TASK ITEM
A faithful transcription of all the entries below is needed, without the pictures.

DATA RECORDS
┏━━
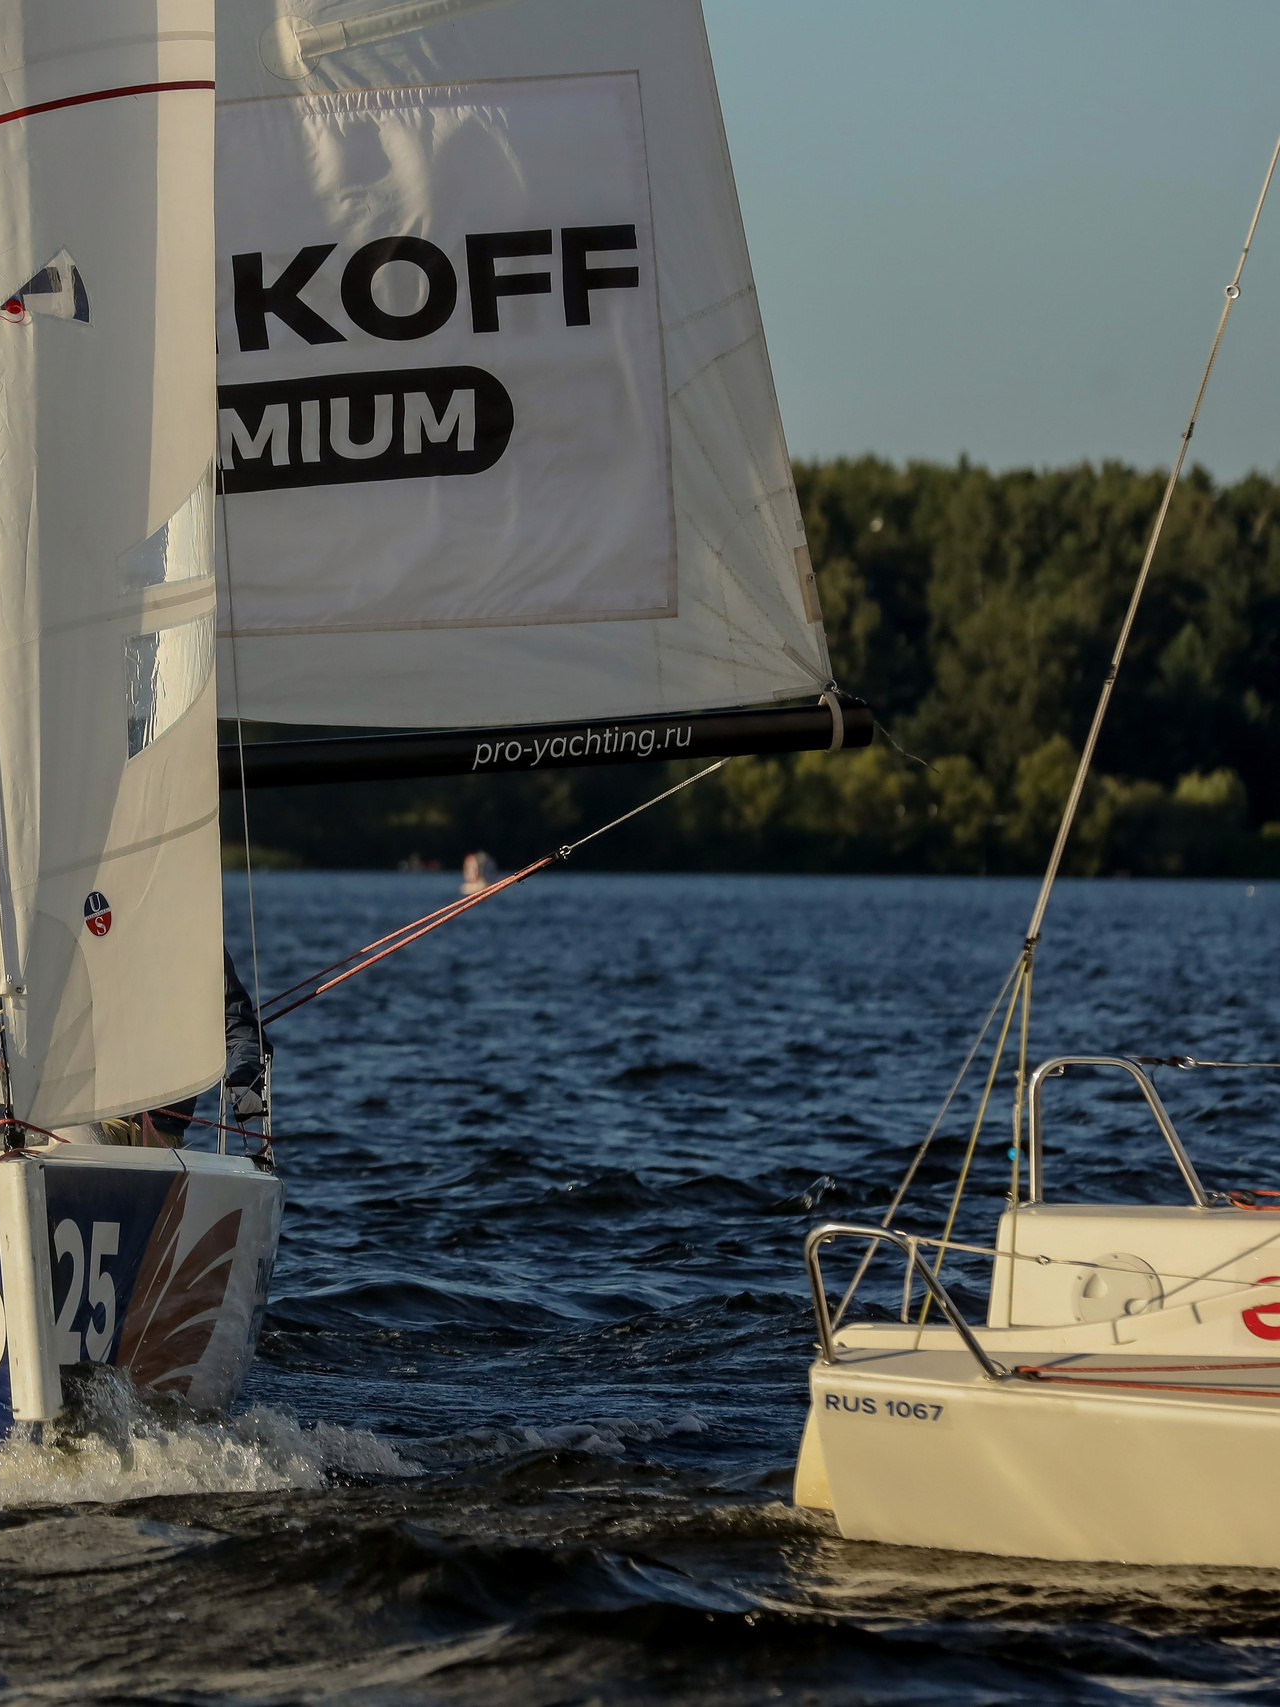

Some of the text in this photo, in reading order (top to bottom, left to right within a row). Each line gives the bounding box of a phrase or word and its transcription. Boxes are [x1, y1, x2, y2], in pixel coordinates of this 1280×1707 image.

[216, 224, 640, 354] KOFF
[472, 726, 692, 770] pro-yachting.ru
[53, 1218, 121, 1366] 25
[824, 1393, 944, 1421] RUS 1067
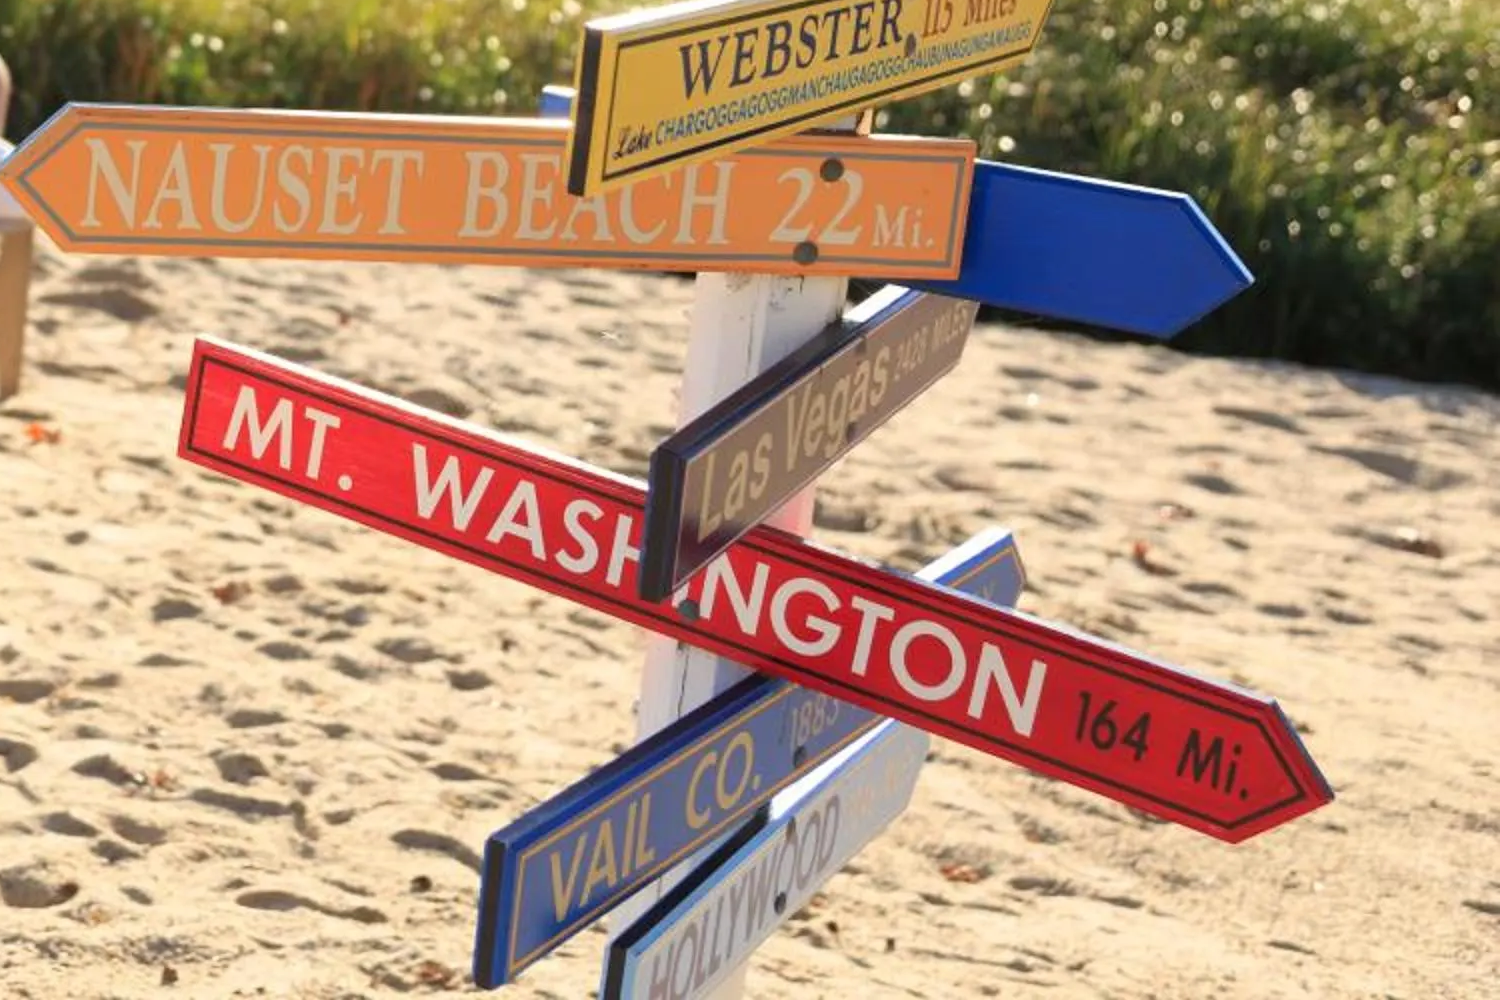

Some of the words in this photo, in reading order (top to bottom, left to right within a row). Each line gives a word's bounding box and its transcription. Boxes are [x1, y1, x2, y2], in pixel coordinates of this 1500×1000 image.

[80, 138, 425, 237] NAUSET
[767, 165, 865, 246] 22
[870, 202, 935, 250] Mi.
[611, 121, 652, 160] Lake
[697, 431, 774, 543] Las
[785, 345, 891, 473] Vegas
[222, 384, 354, 492] MT.
[411, 442, 1047, 738] WASHNGTON
[1074, 691, 1150, 762] 164
[1177, 728, 1249, 800] Mi.
[550, 793, 656, 922] VAIL
[684, 731, 763, 830] CO.
┗━━
ANSWER BOX
Some of the text in this photo, in reading order (top to bottom, left to right within a row). Each line gives the bounding box of a phrase or word and its transcription. Boxes are [x1, y1, x2, y2], in pixel coordinates of this 1280×1707 image.

[216, 224, 640, 354] KOFF
[472, 726, 692, 770] pro-yachting.ru
[53, 1218, 121, 1366] 25
[824, 1393, 944, 1421] RUS 1067

Some of the words in this photo, in reading order (top to bottom, left to right within a row). Each line gives a word's bounding box and its transcription. Boxes are [x1, y1, x2, y2], in pixel coordinates of this 1500×1000 image.

[80, 138, 425, 237] NAUSET
[767, 165, 865, 246] 22
[870, 202, 935, 250] Mi.
[611, 121, 652, 160] Lake
[697, 431, 774, 543] Las
[785, 345, 891, 473] Vegas
[222, 384, 354, 492] MT.
[411, 442, 1047, 738] WASHNGTON
[1074, 691, 1150, 762] 164
[1177, 728, 1249, 800] Mi.
[550, 793, 656, 922] VAIL
[684, 731, 763, 830] CO.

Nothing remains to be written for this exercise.